Excerpts from a dataset:
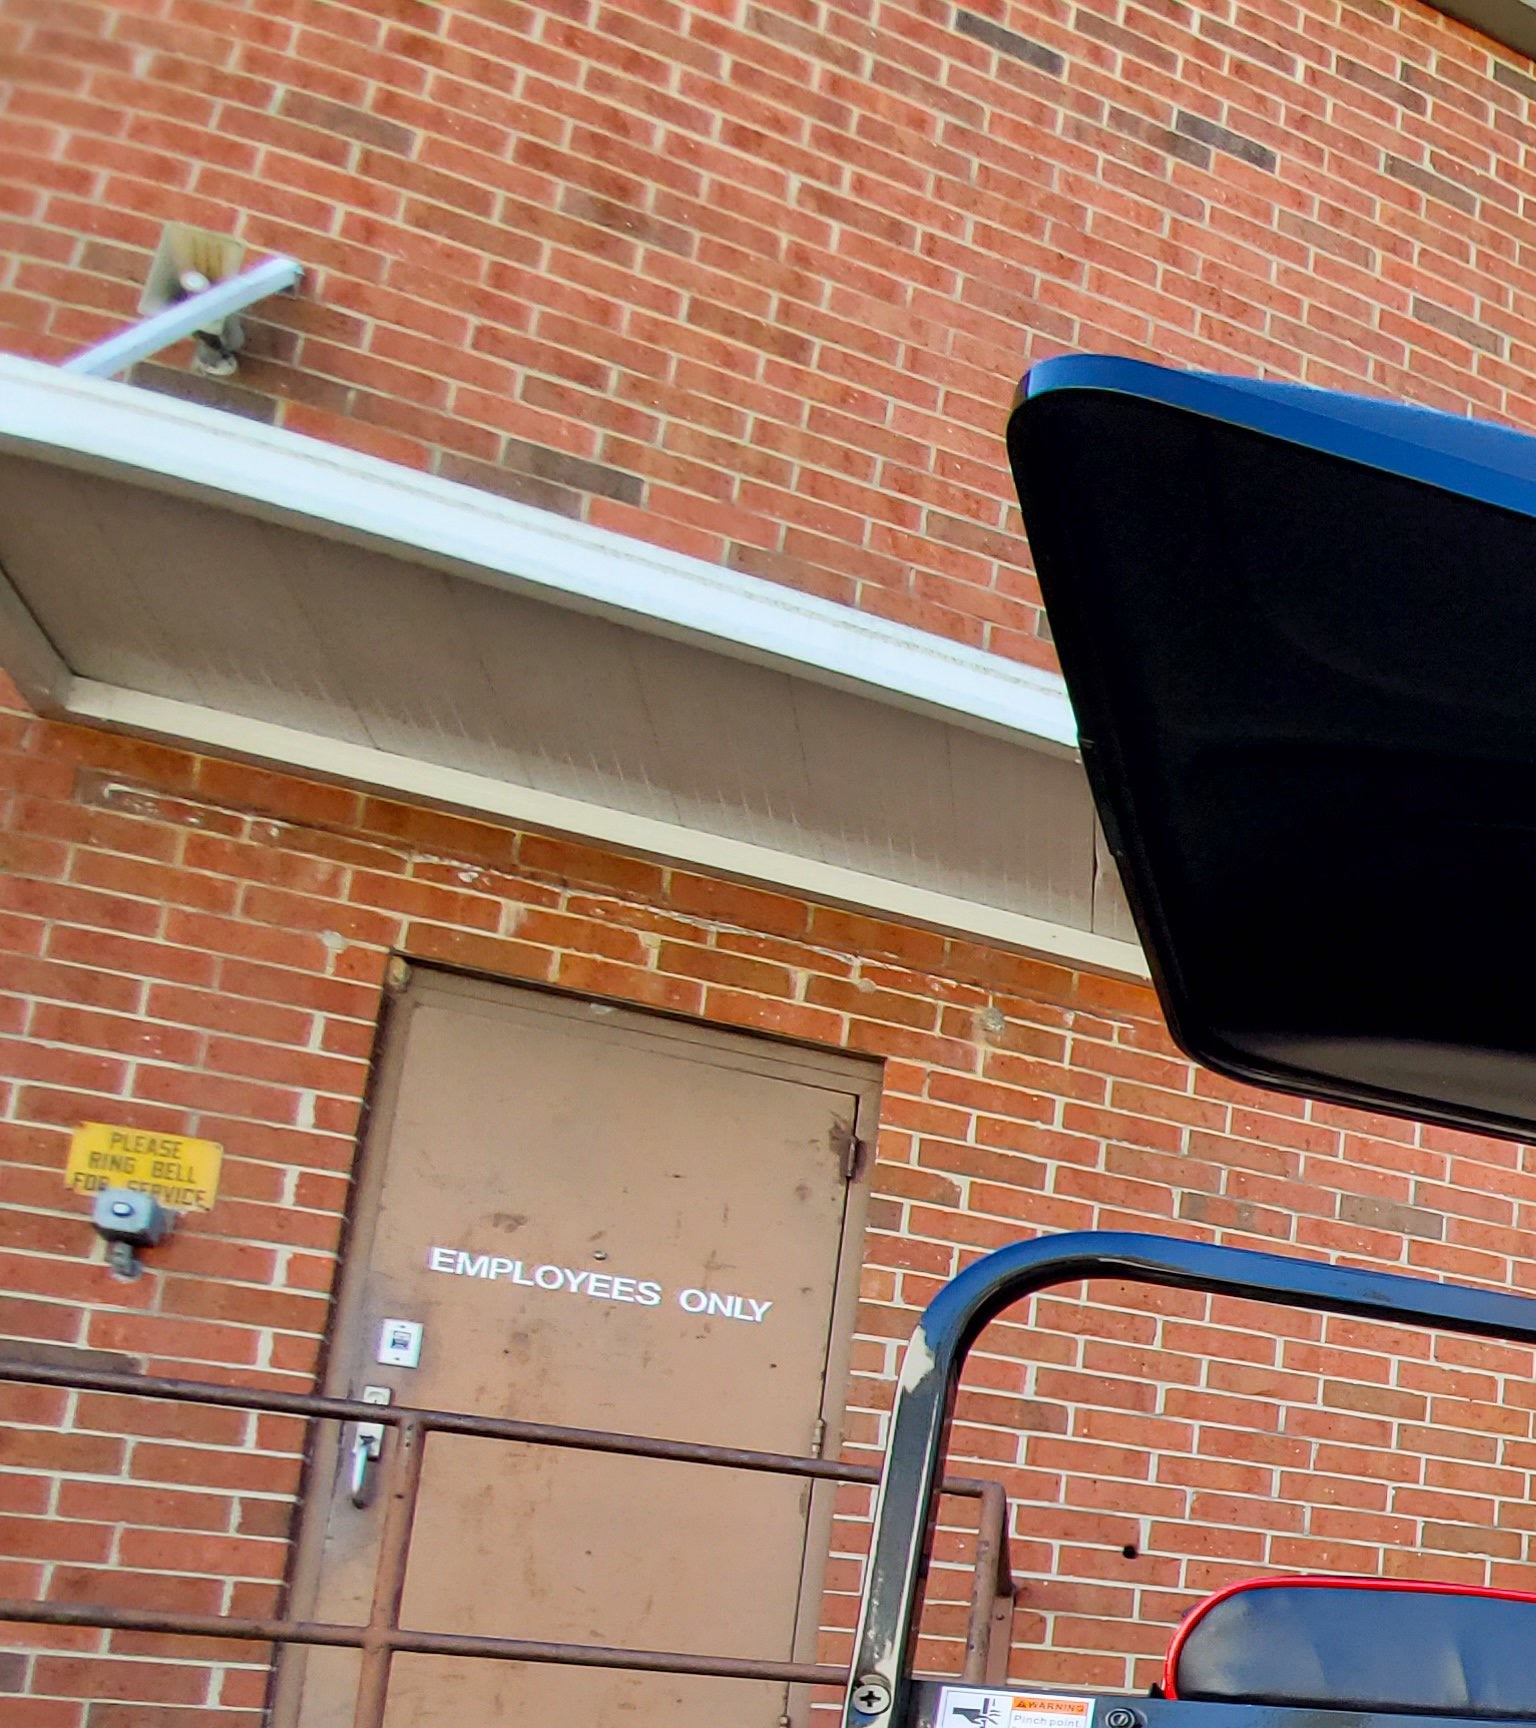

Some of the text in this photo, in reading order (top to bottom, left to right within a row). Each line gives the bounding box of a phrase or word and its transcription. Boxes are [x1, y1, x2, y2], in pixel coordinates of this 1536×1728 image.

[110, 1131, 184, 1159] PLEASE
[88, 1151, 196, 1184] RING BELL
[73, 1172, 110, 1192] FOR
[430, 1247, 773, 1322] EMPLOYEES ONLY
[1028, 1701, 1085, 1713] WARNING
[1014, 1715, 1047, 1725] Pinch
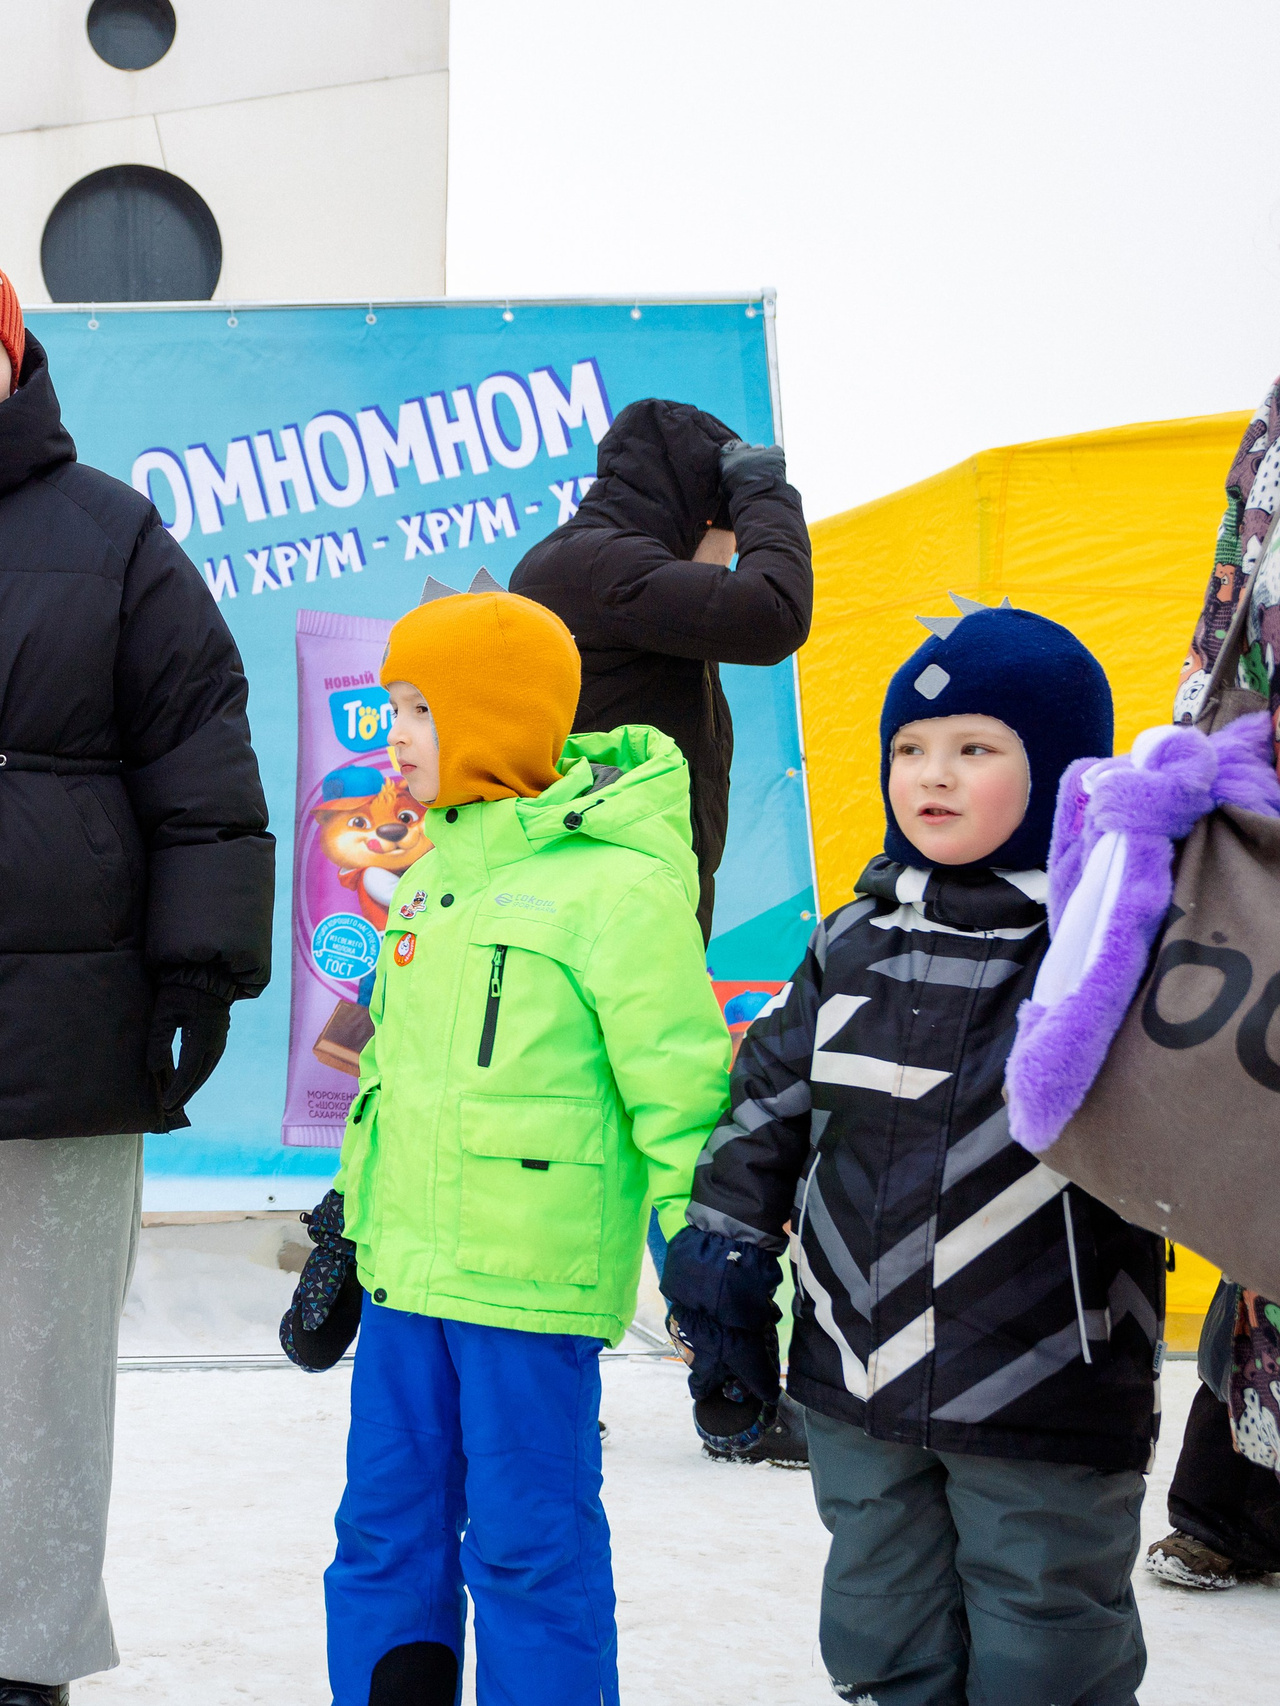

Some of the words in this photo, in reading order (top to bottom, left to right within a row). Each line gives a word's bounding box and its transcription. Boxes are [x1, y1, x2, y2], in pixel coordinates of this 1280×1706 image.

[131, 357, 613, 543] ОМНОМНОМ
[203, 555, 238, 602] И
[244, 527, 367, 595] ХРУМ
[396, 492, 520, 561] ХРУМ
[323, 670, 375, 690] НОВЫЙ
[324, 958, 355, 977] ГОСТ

## Exercise details
Skip the pictures and print each record exactly as it stands.

## Response
Some of the text in this photo, in reading order (top to bottom, left to right within a row). Each line gives the bounding box of a phrase or word and its transcription. Boxes are [x1, y1, x2, y2], in pixel coordinates of this 1536×1728 image.

[110, 1131, 184, 1159] PLEASE
[88, 1151, 196, 1184] RING BELL
[73, 1172, 110, 1192] FOR
[430, 1247, 773, 1322] EMPLOYEES ONLY
[1028, 1701, 1085, 1713] WARNING
[1014, 1715, 1047, 1725] Pinch

Some of the words in this photo, in reading order (top to bottom, left to right within a row). Each line gives a word's bounding box and its transcription. Boxes are [x1, y1, x2, y2], in pixel coordinates of this 1280×1706 image.

[131, 357, 613, 543] ОМНОМНОМ
[203, 555, 238, 602] И
[244, 527, 367, 595] ХРУМ
[396, 492, 520, 561] ХРУМ
[323, 670, 375, 690] НОВЫЙ
[324, 958, 355, 977] ГОСТ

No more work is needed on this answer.